Un uomo venne sequestrato e immobilizzato davanti al figlio all’interno di una ricevitoria. Al ragazzino fu imposto di andare dalla madre e di riferire che la famiglia doveva lasciare la casa “perché serviva al clan”. È uno dei retroscena dell’inchiesta che ha portato all’arresto di diversi presunti membri del gruppo emergente Cancello-Cifariello, attivo nel lotto G di Scampia.
L’inchiesta e i metodi
Le indagini, coordinate dalla Dda di Napoli, hanno ricostruito un’azione violenta avvenuta nel settembre 2024. Secondo gli inquirenti, una ventina di uomini circondarono la vittima e il figlio, costringendoli allo sgombero forzato dell’alloggio.
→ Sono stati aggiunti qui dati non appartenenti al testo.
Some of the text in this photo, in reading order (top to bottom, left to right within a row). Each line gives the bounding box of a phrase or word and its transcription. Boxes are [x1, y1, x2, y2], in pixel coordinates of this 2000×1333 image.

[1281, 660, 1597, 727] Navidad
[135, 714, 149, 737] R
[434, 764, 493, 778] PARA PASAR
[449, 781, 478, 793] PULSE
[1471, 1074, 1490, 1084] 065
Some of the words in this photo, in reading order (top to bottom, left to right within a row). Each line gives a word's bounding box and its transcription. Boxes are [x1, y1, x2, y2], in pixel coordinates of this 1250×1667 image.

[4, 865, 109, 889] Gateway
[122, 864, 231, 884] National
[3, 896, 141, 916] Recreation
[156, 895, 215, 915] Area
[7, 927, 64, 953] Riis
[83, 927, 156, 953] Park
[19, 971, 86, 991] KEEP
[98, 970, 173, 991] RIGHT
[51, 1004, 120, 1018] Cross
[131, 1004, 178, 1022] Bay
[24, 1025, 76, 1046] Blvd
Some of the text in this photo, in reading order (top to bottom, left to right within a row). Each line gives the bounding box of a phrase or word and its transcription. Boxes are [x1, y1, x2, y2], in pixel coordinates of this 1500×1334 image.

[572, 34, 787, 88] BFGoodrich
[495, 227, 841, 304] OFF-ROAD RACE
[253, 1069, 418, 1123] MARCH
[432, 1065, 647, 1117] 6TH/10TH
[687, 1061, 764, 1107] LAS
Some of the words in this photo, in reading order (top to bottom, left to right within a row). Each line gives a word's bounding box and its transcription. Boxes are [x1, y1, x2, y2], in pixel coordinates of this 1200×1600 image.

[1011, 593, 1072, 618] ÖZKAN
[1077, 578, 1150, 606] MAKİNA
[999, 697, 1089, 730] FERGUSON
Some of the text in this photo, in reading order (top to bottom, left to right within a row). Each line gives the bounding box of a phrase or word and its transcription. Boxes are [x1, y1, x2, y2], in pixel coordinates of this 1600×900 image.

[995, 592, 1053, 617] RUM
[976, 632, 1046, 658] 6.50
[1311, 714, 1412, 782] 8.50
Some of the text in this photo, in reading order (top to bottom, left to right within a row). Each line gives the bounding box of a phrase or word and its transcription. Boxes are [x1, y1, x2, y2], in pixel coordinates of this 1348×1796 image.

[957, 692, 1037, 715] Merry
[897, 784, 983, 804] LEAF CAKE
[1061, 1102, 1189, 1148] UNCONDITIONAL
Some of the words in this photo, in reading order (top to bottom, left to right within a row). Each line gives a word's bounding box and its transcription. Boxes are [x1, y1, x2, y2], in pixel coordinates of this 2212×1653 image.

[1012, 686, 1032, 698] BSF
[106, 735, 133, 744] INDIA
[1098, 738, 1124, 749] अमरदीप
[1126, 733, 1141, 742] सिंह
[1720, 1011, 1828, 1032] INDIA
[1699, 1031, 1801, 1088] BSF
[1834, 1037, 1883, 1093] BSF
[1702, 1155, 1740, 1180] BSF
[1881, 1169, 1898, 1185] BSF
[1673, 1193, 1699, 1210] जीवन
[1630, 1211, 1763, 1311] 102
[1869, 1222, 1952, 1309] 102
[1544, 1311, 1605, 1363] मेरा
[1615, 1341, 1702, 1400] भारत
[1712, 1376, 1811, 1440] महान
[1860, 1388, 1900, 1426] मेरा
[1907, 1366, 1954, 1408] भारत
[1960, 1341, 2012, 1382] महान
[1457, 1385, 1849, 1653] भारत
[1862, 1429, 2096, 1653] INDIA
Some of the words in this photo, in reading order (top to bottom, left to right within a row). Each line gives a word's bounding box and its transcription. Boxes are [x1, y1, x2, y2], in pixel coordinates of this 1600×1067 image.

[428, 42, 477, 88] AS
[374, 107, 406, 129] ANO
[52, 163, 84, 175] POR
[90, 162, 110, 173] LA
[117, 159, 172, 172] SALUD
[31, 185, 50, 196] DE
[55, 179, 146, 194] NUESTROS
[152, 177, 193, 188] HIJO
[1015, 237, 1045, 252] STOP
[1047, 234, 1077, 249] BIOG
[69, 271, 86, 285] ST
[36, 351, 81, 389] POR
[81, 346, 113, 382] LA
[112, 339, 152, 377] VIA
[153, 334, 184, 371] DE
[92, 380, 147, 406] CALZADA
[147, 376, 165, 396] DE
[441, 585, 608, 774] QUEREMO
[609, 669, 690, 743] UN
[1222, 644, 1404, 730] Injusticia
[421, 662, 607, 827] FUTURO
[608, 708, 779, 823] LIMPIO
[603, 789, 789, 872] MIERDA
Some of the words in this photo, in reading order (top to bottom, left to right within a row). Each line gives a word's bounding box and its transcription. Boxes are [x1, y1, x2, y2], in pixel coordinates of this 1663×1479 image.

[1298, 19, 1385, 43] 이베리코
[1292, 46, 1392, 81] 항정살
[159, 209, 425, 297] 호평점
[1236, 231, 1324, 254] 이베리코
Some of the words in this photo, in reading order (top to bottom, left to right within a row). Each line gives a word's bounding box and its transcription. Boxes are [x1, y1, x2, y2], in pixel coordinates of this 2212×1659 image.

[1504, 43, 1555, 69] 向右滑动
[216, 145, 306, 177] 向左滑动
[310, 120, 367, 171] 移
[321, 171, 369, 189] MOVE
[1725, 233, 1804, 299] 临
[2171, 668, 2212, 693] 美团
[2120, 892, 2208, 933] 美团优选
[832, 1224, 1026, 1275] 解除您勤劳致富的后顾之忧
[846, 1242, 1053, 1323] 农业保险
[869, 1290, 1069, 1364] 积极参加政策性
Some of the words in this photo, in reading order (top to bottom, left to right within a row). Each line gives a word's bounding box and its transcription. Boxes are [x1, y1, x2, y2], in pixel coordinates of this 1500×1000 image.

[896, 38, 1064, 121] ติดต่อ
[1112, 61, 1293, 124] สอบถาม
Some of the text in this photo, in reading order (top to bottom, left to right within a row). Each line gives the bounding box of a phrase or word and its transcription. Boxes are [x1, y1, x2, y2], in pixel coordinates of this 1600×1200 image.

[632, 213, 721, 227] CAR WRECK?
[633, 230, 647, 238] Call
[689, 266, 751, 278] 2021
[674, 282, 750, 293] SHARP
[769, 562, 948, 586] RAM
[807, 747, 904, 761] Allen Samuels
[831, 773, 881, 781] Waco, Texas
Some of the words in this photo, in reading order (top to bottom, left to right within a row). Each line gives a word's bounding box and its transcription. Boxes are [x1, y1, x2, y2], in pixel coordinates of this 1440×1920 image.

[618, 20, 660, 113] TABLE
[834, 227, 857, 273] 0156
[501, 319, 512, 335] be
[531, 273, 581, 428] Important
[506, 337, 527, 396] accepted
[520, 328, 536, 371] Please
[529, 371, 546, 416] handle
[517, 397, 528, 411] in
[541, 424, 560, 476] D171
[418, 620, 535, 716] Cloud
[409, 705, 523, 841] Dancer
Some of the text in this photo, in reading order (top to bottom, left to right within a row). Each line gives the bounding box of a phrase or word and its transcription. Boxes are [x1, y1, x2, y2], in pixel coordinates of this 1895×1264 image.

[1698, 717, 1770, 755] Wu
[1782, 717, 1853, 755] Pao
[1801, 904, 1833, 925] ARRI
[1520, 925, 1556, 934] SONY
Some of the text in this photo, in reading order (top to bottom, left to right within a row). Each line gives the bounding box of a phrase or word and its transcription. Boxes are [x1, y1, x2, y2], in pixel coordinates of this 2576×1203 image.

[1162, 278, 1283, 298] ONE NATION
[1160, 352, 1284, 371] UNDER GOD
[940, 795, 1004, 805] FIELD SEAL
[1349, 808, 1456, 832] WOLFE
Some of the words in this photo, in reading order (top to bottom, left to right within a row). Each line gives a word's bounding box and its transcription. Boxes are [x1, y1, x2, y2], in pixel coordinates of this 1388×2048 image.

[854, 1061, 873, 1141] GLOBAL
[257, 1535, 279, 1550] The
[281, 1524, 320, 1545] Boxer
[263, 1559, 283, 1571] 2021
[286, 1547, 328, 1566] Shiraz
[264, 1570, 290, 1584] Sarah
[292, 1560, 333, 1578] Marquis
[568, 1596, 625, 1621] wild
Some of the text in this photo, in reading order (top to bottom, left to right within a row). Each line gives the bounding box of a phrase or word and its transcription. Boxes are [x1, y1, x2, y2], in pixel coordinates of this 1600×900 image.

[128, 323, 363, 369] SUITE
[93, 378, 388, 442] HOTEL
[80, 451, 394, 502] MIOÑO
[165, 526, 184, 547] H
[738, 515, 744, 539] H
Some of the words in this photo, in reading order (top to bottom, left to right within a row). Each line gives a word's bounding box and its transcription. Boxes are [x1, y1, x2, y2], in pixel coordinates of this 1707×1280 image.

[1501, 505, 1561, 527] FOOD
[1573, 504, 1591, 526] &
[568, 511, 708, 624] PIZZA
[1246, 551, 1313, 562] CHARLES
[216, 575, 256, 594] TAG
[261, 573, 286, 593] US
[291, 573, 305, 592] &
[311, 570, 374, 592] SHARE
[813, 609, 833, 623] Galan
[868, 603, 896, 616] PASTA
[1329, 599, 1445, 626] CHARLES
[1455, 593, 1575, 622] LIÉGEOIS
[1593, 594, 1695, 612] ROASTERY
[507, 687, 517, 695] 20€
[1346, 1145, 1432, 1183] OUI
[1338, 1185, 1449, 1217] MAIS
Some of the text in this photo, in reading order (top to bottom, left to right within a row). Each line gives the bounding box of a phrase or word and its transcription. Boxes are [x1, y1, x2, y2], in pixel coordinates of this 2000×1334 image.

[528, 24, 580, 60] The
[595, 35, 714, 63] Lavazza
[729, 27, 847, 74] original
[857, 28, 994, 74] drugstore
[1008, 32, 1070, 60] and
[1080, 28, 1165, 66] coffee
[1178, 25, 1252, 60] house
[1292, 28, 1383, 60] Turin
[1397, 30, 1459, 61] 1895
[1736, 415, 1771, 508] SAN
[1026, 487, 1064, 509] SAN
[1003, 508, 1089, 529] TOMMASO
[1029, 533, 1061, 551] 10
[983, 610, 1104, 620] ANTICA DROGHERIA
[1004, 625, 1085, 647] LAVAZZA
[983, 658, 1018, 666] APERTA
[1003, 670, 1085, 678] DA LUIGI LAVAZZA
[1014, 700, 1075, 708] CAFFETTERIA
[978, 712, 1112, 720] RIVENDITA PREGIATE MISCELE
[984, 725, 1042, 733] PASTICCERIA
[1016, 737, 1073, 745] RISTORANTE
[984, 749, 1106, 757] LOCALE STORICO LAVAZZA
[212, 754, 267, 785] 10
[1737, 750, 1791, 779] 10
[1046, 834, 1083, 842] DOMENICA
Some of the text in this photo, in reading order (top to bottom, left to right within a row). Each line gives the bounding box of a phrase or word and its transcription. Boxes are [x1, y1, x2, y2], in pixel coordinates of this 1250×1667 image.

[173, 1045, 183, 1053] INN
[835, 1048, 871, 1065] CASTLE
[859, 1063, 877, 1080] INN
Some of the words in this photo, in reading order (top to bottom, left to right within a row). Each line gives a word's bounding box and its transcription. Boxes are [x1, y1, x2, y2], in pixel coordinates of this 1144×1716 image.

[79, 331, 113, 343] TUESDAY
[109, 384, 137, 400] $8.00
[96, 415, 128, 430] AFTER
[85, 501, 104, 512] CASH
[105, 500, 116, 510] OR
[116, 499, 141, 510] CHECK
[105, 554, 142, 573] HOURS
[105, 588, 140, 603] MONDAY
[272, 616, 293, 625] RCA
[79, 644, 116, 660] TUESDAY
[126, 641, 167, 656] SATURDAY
Nel mirino finirono anche due donne della famiglia, aggredite e minacciate, obbligate a cedere persino le chiavi dell’auto.
I provvedimenti cautelari
Sono nove le misure cautelari eseguite, con tre soggetti ancora irreperibili. Tra i destinatari figurano Ferdinando Cifariello, Francesco Barbato e altri presunti affiliati. Le accuse sono di sequestro di persona, violenza privata e aggravante mafiosa. Il blitz segna un nuovo capitolo nel contrasto ai clan emergenti di Scampia.